WCAB Commissioner Sweeney dissented in this case and explained:

“…if the collective bargaining agreement diminishes applicant's entitlement to medical treatment, the provisions of the agreement that diminished applicant's entitlement to benefits are void. In the majority's interpretation, absent the collective bargaining agreement, applicant's employer would not be able to require applicant to change physicians, but because the agreement includes a list of agreed physicians, the employer can require the applicant to change physicians. Requiring applicant to transfer care is a diminishment of applicant's entitlement to medical benefits and, pursuant to Section 3201.5(b), that portion of the agreement is void.
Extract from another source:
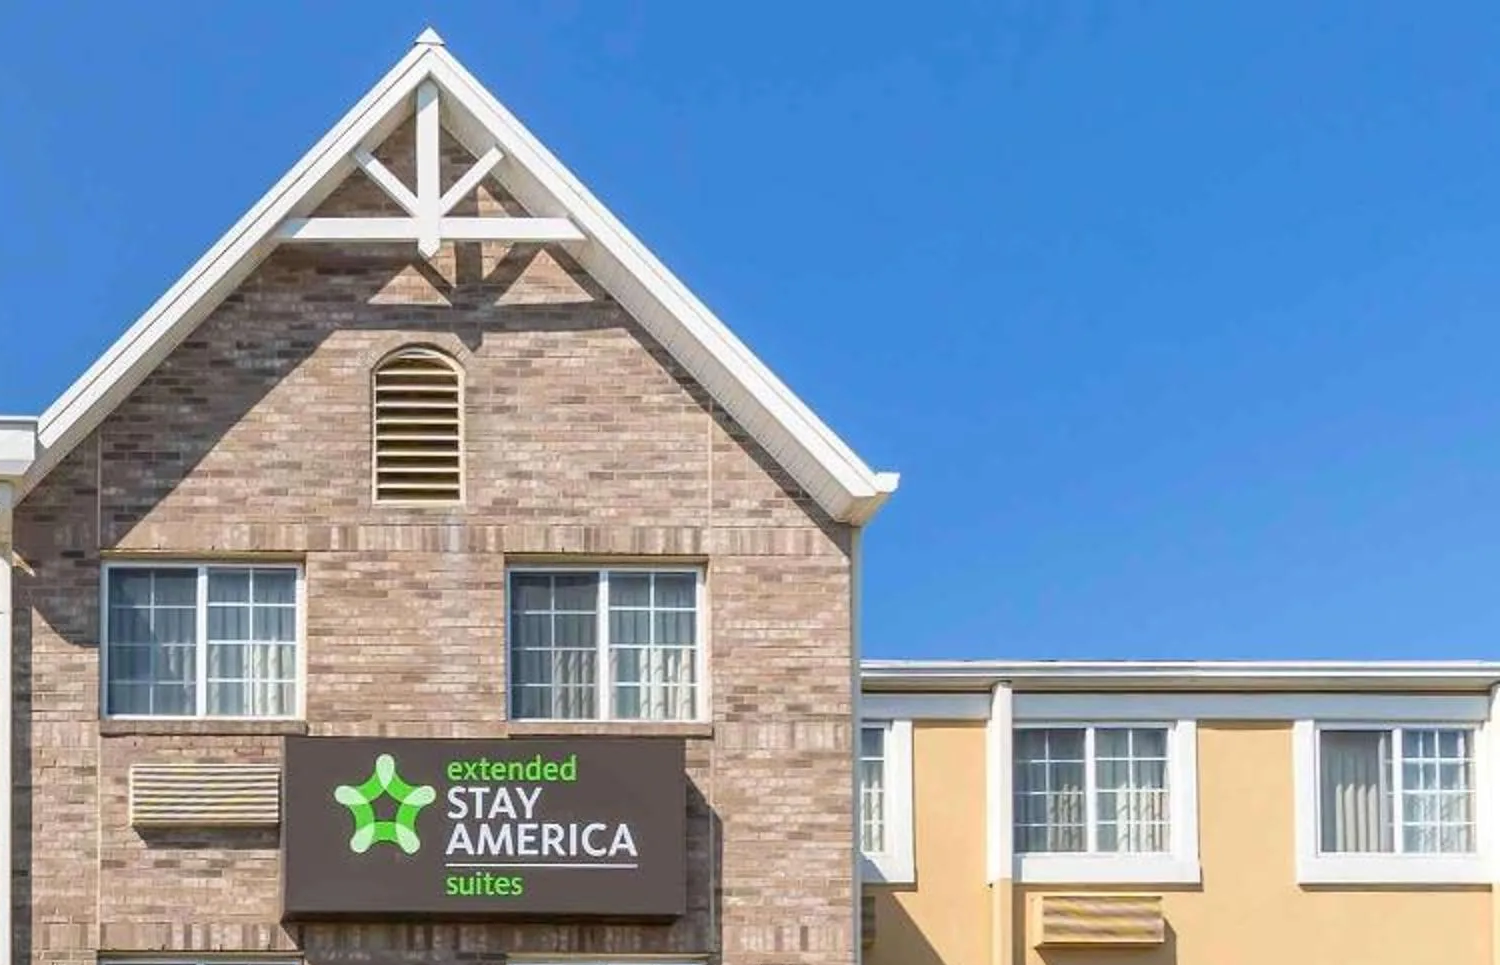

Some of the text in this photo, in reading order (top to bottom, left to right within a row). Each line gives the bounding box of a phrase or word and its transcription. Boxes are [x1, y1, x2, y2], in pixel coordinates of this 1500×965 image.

Accordingly, I would amend the arbitrator's order to allow applicant to continue to treat with Dr. Harris.”

V. Conclusion

The world of workers’ compensation litigation is complex and ever evolving, with new case law, new regulations and new statutes which follow each other at breakneck speed. In addition, there are areas of law such as these “carve-out” programs that apply to injured workers, and which practitioners must be keep current on in order to accurately advise clients who might be required to participate in such agreements. In addition to Labor Code §§ 3201.5 and 3201.7, governing “carve-out” programs, there is also a set of regulations setting forth the rules on how these “carve-out” programs are to operate. These regulations can be found at 8 Cal. Code Reg. §§ 10200-10204.

The DIR website has a wealth of information on these “carve-out” issues, including a free and downloadable booklet entitled, “CARVE-OUTS; A GUIDEBOOK FOR UNIONS AND EMPLOYERS IN WORKERS’ COMPENSATION.” This booklet, along with other helpful aids for the interested practitioner, can be found at this link:

http://www.dir.ca.gov/chswc/CarveOutsPage1.htm

It is strongly advised that the entire workers’ compensation community become familiar with the basics of “carve-out” programs to avoid glitches that may arise as a result of not exhausting required administrative remedies before requesting jurisdiction of the WCAB.